Both European and US benchmark stock indexes traded lower as a result, prospects of tightening global credit conditions can deter investment. The Euro Stoxx 50 and FTSE 100 declined 1.05% and 0.62% respectively. Emerging markets, which have been coming under pressure lately (Turkish Lira and Argentina Peso depreciations), were also weighed down. The MSCI Emerging Markets Index ETF fell almost 2%.
Newswires generally attributed the weakness in the latter sector thanks to South Africa officially entering a recession. Though this development crossed the wires after the US Dollar secured most of its rally. Another victim of worries in emerging markets and risk aversion was the Indonesia Rupiah which weakened to a +20-year low as USD/IDR clocked in its longest rising streak on the daily chart in almost seven months.

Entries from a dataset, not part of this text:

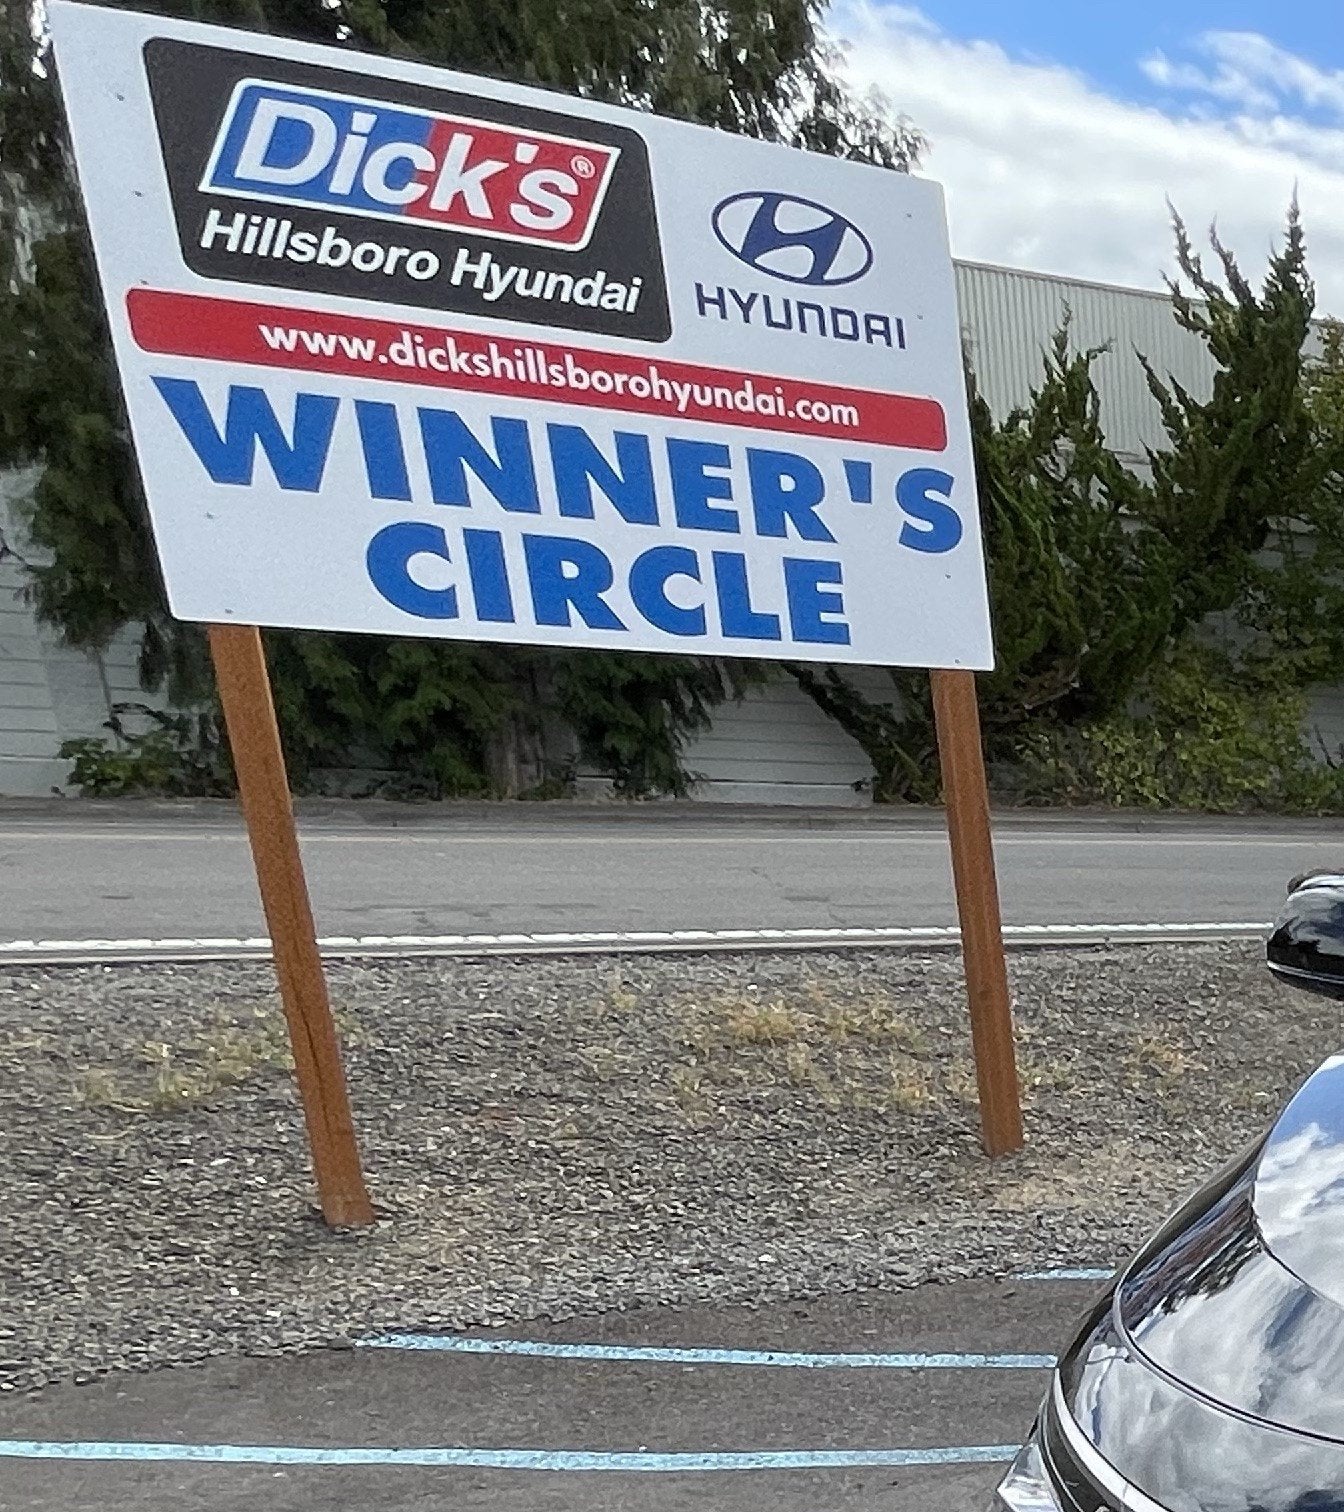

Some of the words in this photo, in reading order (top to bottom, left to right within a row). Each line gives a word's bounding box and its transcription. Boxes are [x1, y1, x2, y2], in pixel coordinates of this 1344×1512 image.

[200, 208, 440, 281] Hillsboro
[451, 247, 643, 314] Hyundai
[696, 282, 907, 350] HYUNDAI
[260, 320, 860, 429] www.dickshillsborohyundai.com
[150, 375, 964, 554] WINNER'S
[366, 521, 852, 646] CIRCLE
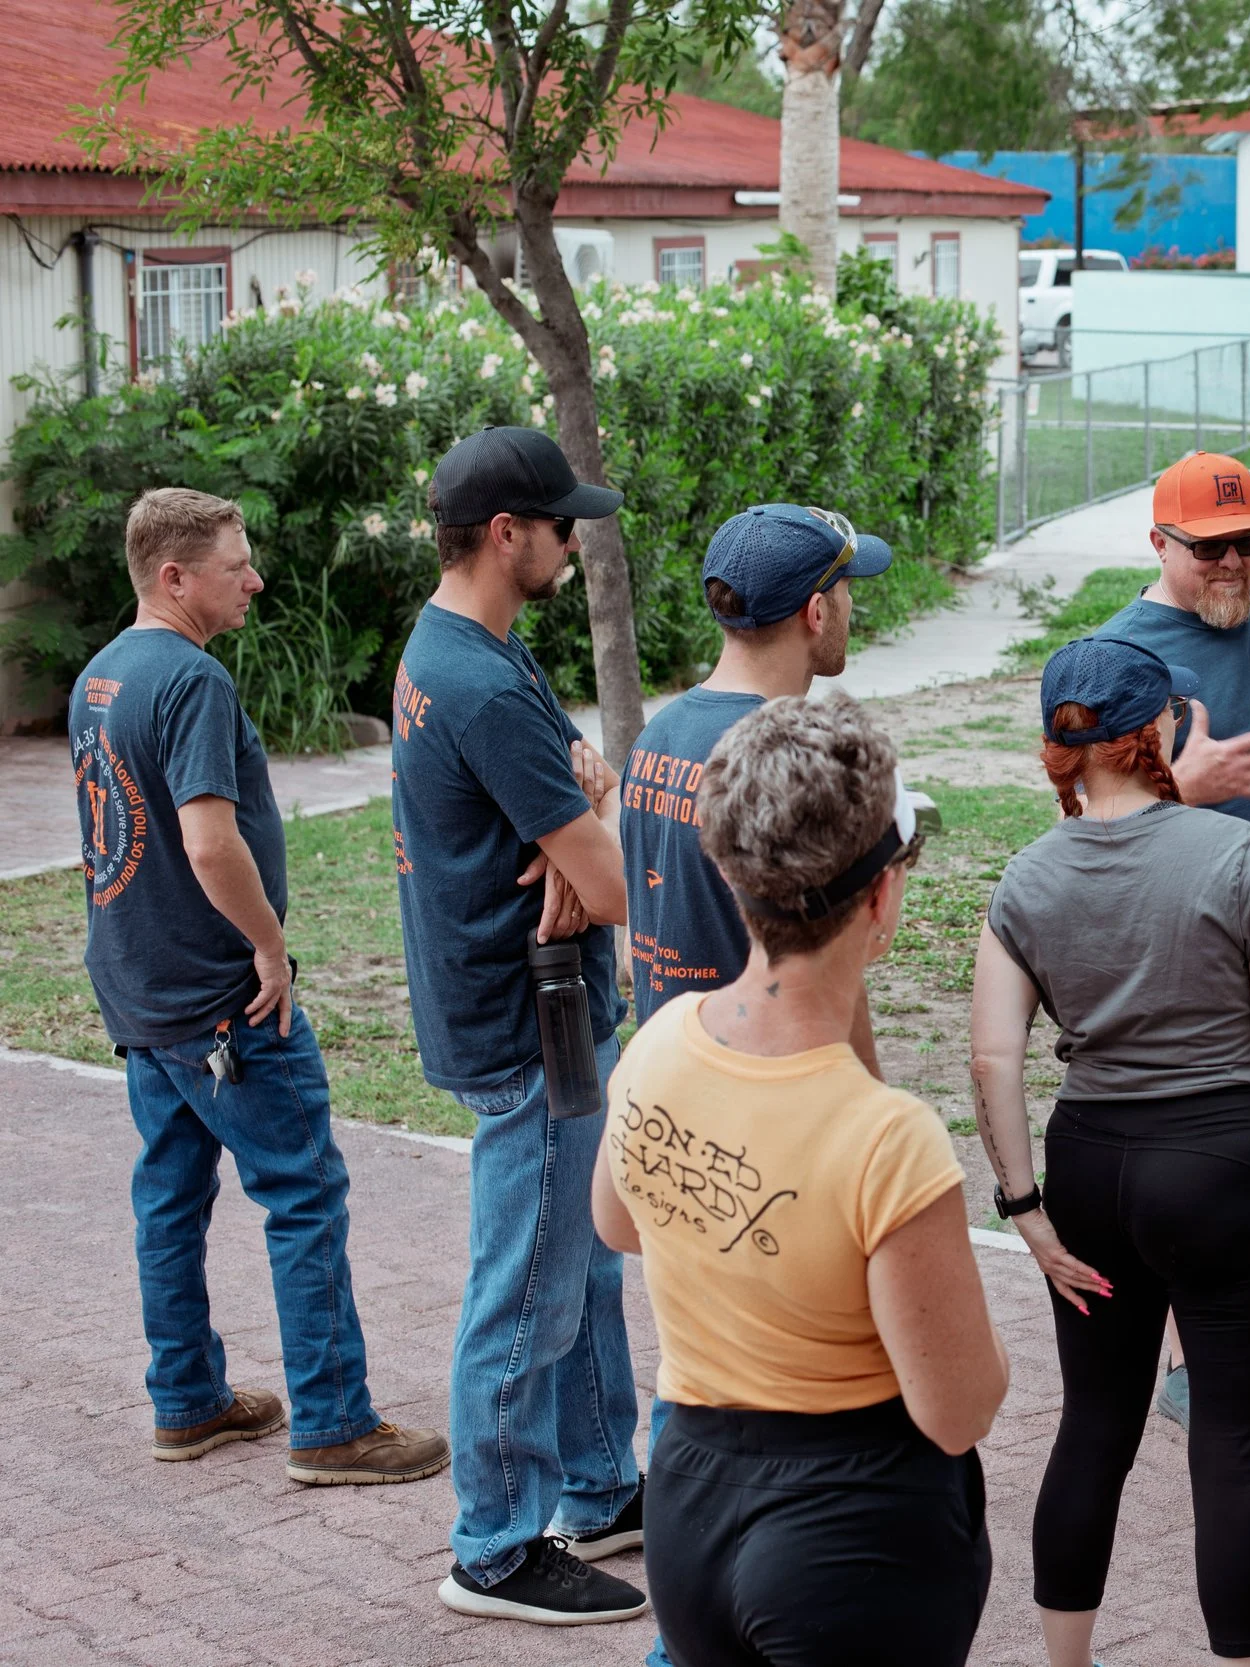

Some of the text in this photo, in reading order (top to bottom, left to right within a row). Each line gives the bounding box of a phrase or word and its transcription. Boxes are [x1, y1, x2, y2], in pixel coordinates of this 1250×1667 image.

The deterioration in market mood boded ill for pro-risk currencies such as the Australian Dollar. It gave up all of its gains from an earlier RBA rate decision where the central bank upgraded its views on inflation for 2019/20. The similarly-behaving New Zealand Dollar also declined, but NZD/USD was unable to breach the February 2016 lows.
Conversely, the anti-risk Japanese Yen fared better against most currencies excluding the US Dollar and British Pound. The latter was bolstered as Bank of England Governor Mark Carney hinted at staying as the Chief through Brexit negotiations.
The prominence of risk aversion during Tuesday’s trading session could echo into Wednesday’s APAC period, causing the Nikkei 225 to trade lower and bolstering Yen prices. Meanwhile, the Australian Dollar looks to a second quarter GDP report. Year-over-year growth is expected to rise to its highest since Q2 2016. A better-than-expected outcome could fuel temporary Aussie gains, but those may not last given a more hawkish Fed.
Join our Australian GDP Webinar for live coverage of the AUD/USD reaction where we will also be covering what you can expect for Aussie crosses in the aftermath
US Dollar Technical Analysis – False Breakout?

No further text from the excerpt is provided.